Relational Databases Migration to AWS Environment into S3 Data Lake Using AWS DMS - Part III

This is the third blog of the multi-part series on considerations and observations during relational databases migration to AWS S3 data lake using AWS DMS service. Relational databases such as MongoDB, Oracle, MS SQL Server, MySQL, PostgreSQL, etc., were migrated to AWS.

Part I in this series covered considerations such as:
• Modified date not populated properly at the source
• Enabling supplemental logging for Oracle as the source
• Network bandwidth issues between source and target databases

Part II in this series covered considerations such as:
• Missing LOB columns for change data capture from MS SQL Server as source
• MS SQL Server time zone issue for timestamp column
• RDBMS instances pause or shutdown during non-business hours

This blog will address the following considerations:

Deleted MongoDB records moved to S3 data lake:

MongoDB records, referred to as documents, were migrated in Document mode into the AWS S3 data lake using AWS DMS. Both new and updated documents were successfully populated into the data lake and validated to match the source.

On one occasion, several thousand deleted records were received alongside inserted and updated records.

Initially, these records were treated as actual deletions and processed accordingly. However, it was later observed that during the same period, records with the same object IDs were received as inserted records a few milliseconds later in a different replica set (MongoDB server instance).

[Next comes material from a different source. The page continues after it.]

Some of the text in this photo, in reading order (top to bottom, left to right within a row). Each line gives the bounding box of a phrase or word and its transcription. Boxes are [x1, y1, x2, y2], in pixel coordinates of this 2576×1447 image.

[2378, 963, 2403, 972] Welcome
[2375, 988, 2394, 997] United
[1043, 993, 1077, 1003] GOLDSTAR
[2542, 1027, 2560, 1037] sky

I, 2024-11-21 04:18:55:009812, “{“”id””: {  “” objid”” : “” 2345687fge8“” } , “”CustId”” : “” 121”” }”
D, 2024-11-21 04:18:56:001234, “{“”id””: {  “” objid”” : “” 2345687fge8“” }  }”

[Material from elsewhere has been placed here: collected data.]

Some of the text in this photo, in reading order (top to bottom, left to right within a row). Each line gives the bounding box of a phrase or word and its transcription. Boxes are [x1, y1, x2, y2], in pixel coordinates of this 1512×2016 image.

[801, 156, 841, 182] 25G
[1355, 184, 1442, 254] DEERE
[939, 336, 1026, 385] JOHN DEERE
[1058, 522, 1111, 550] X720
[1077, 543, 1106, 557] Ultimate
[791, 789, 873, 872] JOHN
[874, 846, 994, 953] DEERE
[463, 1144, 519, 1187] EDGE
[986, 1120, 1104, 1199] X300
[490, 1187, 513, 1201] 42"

Further analysis revealed that these documents were not newly inserted or deleted during the specified time period. Instead, they were added to the MongoDB server a few hours to a few days earlier.

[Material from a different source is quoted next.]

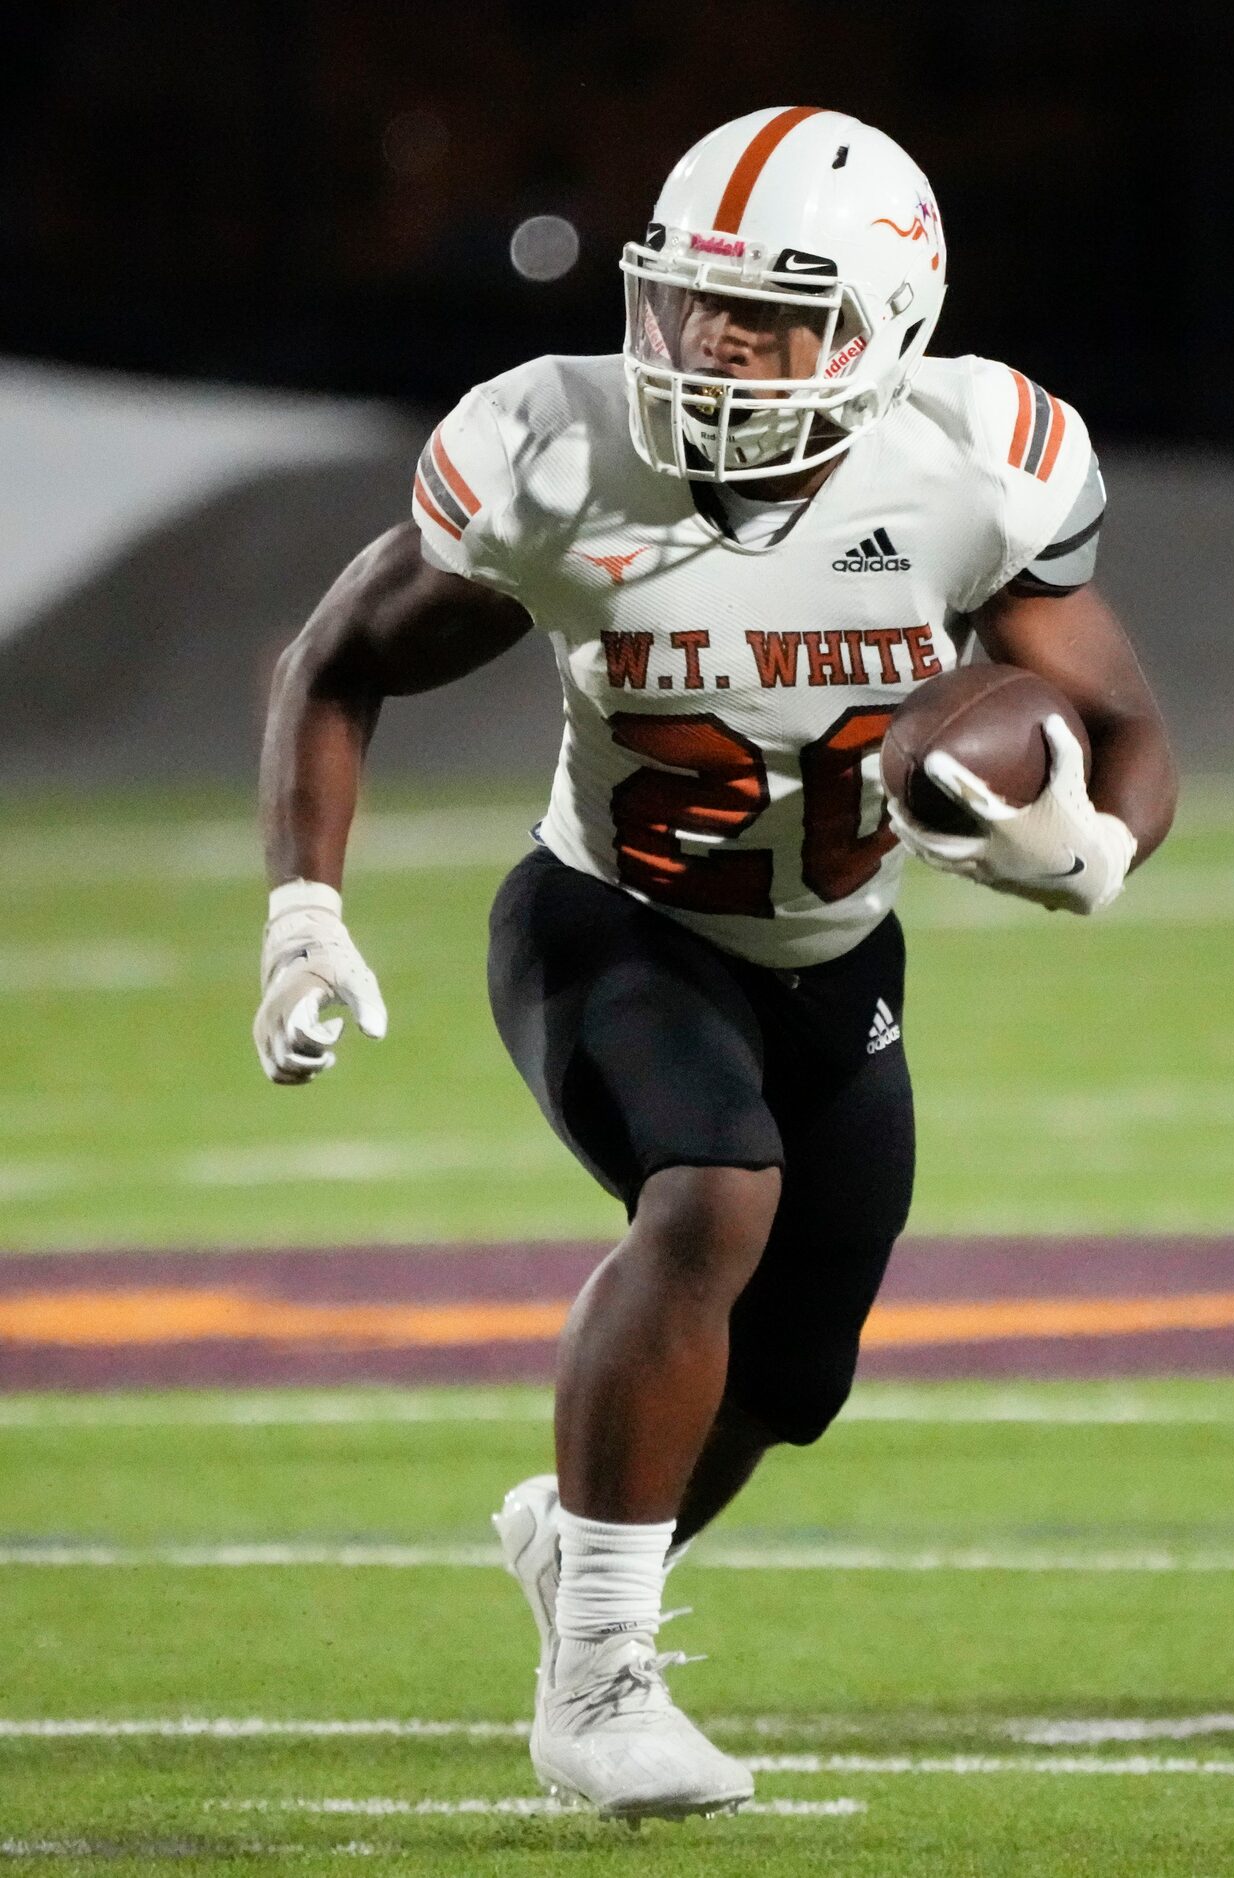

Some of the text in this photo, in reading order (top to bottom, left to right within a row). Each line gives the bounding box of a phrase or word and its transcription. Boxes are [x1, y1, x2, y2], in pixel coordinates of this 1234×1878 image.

Following further analysis and discussion with the MongoDB DBA team, it was determined that there were no actual deleted and inserted records during that time. The reason is that the MongoDB server is horizontally scaled in shards (replica sets) using multiple servers. The MongoDB balancer automatically redistributes chunks of data across shards to ensure that each shard has a balanced amount of data. The balancer begins distributing the data for sharded collections based on a migration threshold.

During this phase, collection data from one shard (primary node) is inserted into secondary nodes (shards), and these documents are deleted from the primary node. Hence, newly inserted and deleted records were received in the oplog for the MongoDB database.

As there were no actual deletions occurring in the MongoDB server, these deleted records were skipped and not processed in the S3 data lake.

MongoDB with load balancing across multiple replica sets:

During data migration from MongoDB, note that the server may be scaled into shards/replica sets. Each shard holds a subset of the collection data to ensure high availability and boost read/write throughput. This is primarily used in large databases for horizontal scaling.

The table below lists databases stored in different shards (instances):

Sr. No. Database    Instance 1 (xx.xx.xx.1) Instance 2 (xx.xx.xx.2)
1   Customer    Yes                 Yes
2   Master      Yes                 No
3   UserConfig  No                  Yes

The Customer database is distributed across two instances, with the Master and UserConfig databases stored in instance 1 and instance 2, respectively.

Create two separate source endpoints in AWS DMS to fetch data from the Customer database instances. Merge and process the data from both instances (instance 1 and instance 2) at the destination, which is the S3 data lake.

Oracle archived logs retention matter:

When capturing change data from Oracle, an issue with archive logs was noted. The CloudWatch logs for the DMS task showed the following error:

00019300: 2024-11-29T02:22:13 [SOURCE_CAPTURE  ]E:  Archived Redo log with the sequence XXXXX does not exist, thread 1 [XXXXX]  (oradcdc_thread.c:XXX)

The issue was traced to the scheduled purging of archived logs from the Oracle database source. Increasing the retention period for these logs allowed the DMS change data capture tasks to be restarted successfully.

Conclusion:

This is Part III of a series on relational database migration challenges using AWS DMS. This blog focuses on table migration considerations from a MongoDB database.